Given records
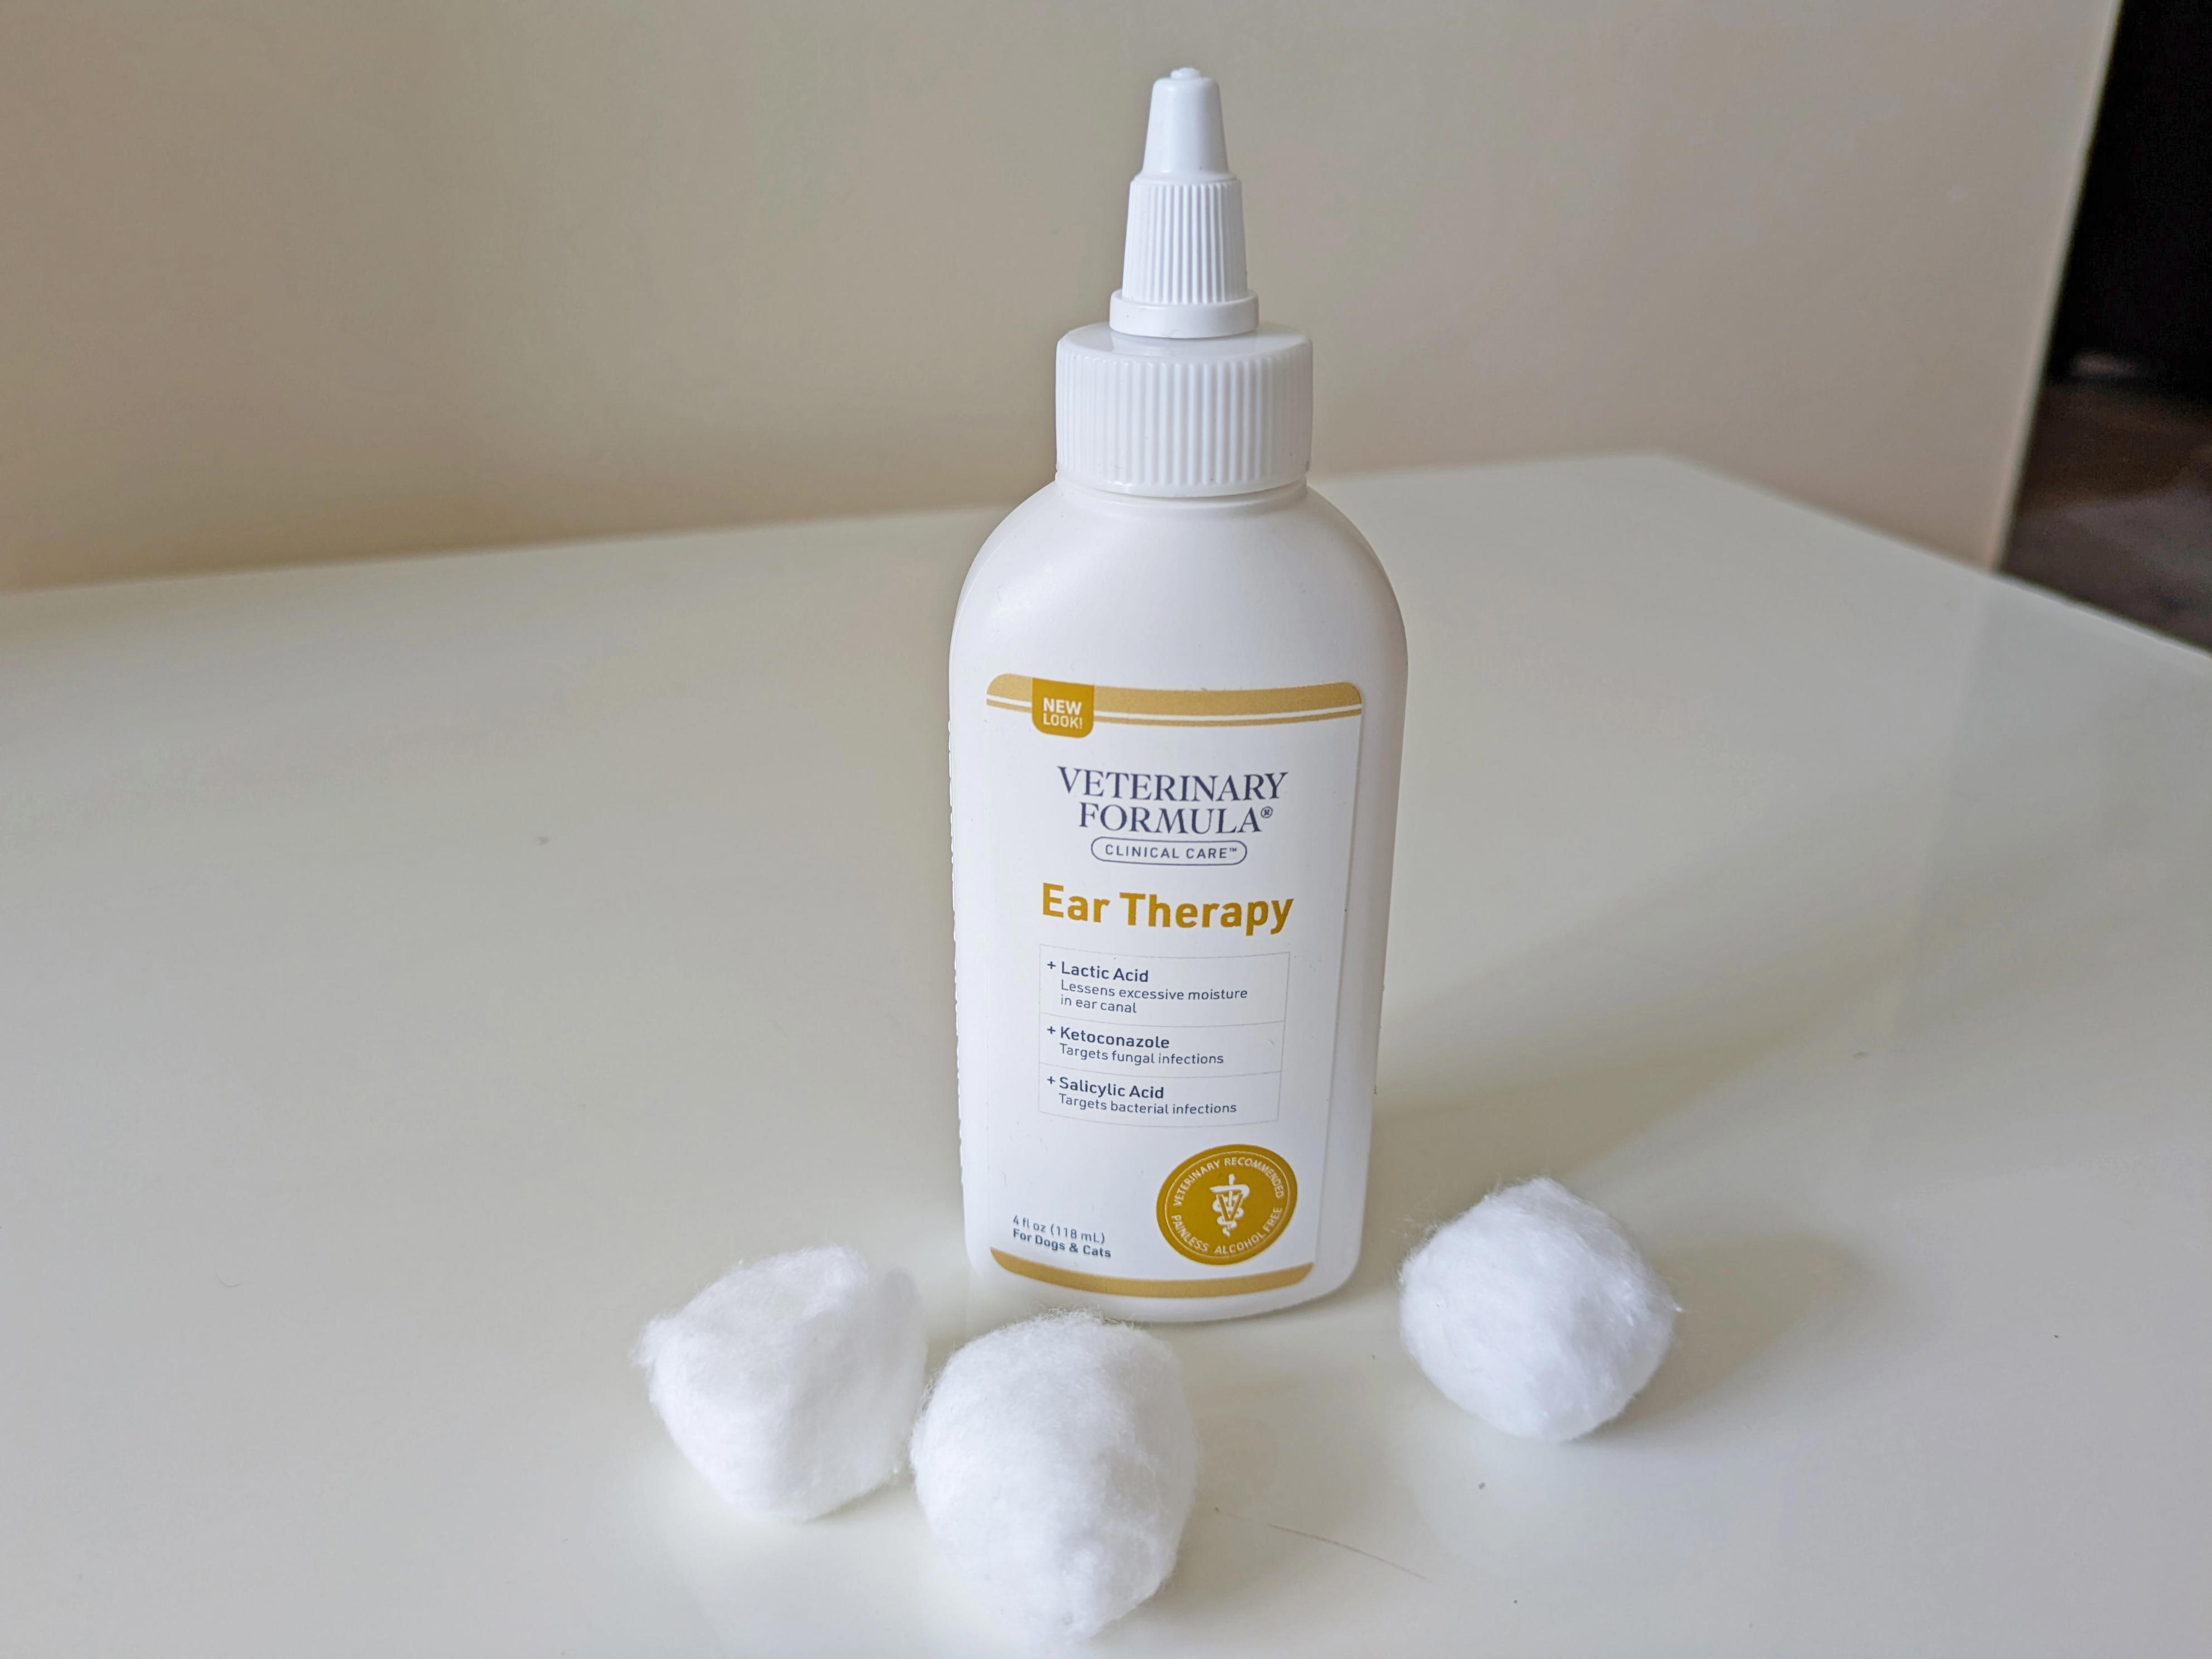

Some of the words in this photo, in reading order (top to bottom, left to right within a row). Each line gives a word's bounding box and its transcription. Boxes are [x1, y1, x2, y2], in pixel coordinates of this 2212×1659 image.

[1043, 697, 1082, 715] NEW
[1043, 713, 1082, 729] LOOK!
[1058, 766, 1288, 802] VETERINARY
[1105, 845, 1180, 859] CLINICAL
[1042, 882, 1110, 923] Ear
[1120, 893, 1294, 935] Therapy
[1061, 961, 1110, 980] Lactic
[1113, 968, 1149, 982] Acid
[1061, 980, 1115, 997] Lessens
[1119, 988, 1184, 1000] excessive
[1188, 988, 1247, 1000] moisture
[1061, 995, 1072, 1006] in
[1076, 999, 1097, 1009] ear
[1100, 1002, 1137, 1013] canal
[1061, 1027, 1170, 1049] Ketoconazole
[1060, 1044, 1109, 1060] Targets
[1112, 1051, 1155, 1065] fungal
[1158, 1053, 1224, 1064] infections
[1059, 1077, 1125, 1098] Salicylic
[1129, 1086, 1164, 1099] Acid
[1059, 1093, 1107, 1111] Targets
[1111, 1101, 1169, 1114] bacterial
[1173, 1103, 1237, 1115] infections
[1173, 1160, 1220, 1207] VETERINARY
[1223, 1157, 1283, 1199] RECOMMENDED
[1013, 1215, 1019, 1226] 4
[1022, 1217, 1030, 1230] fl
[1033, 1223, 1046, 1232] oz
[1050, 1224, 1078, 1239] (118
[1081, 1231, 1105, 1243] mL)
[1172, 1214, 1209, 1253] PAINLESS
[1214, 1231, 1265, 1256] ALCOHOL
[1263, 1207, 1283, 1234] FREE
[1013, 1228, 1032, 1241] For
[1035, 1234, 1066, 1252] Dogs
[1069, 1242, 1078, 1253] &
[1083, 1244, 1111, 1257] Cats

Task description
Drop the pictures, then write out everything else in the records exactly.

Answer space
Some of the words in this photo, in reading order (top to bottom, left to right within a row). Each line gives a word's bounding box and its transcription. Boxes are [x1, y1, x2, y2], in pixel coordinates of this 2212×1659 image.

[1043, 697, 1082, 715] NEW
[1043, 713, 1082, 729] LOOK!
[1058, 766, 1288, 802] VETERINARY
[1105, 845, 1180, 859] CLINICAL
[1042, 882, 1110, 923] Ear
[1120, 893, 1294, 935] Therapy
[1061, 961, 1110, 980] Lactic
[1113, 968, 1149, 982] Acid
[1061, 980, 1115, 997] Lessens
[1119, 988, 1184, 1000] excessive
[1188, 988, 1247, 1000] moisture
[1061, 995, 1072, 1006] in
[1076, 999, 1097, 1009] ear
[1100, 1002, 1137, 1013] canal
[1061, 1027, 1170, 1049] Ketoconazole
[1060, 1044, 1109, 1060] Targets
[1112, 1051, 1155, 1065] fungal
[1158, 1053, 1224, 1064] infections
[1059, 1077, 1125, 1098] Salicylic
[1129, 1086, 1164, 1099] Acid
[1059, 1093, 1107, 1111] Targets
[1111, 1101, 1169, 1114] bacterial
[1173, 1103, 1237, 1115] infections
[1173, 1160, 1220, 1207] VETERINARY
[1223, 1157, 1283, 1199] RECOMMENDED
[1013, 1215, 1019, 1226] 4
[1022, 1217, 1030, 1230] fl
[1033, 1223, 1046, 1232] oz
[1050, 1224, 1078, 1239] (118
[1081, 1231, 1105, 1243] mL)
[1172, 1214, 1209, 1253] PAINLESS
[1214, 1231, 1265, 1256] ALCOHOL
[1263, 1207, 1283, 1234] FREE
[1013, 1228, 1032, 1241] For
[1035, 1234, 1066, 1252] Dogs
[1069, 1242, 1078, 1253] &
[1083, 1244, 1111, 1257] Cats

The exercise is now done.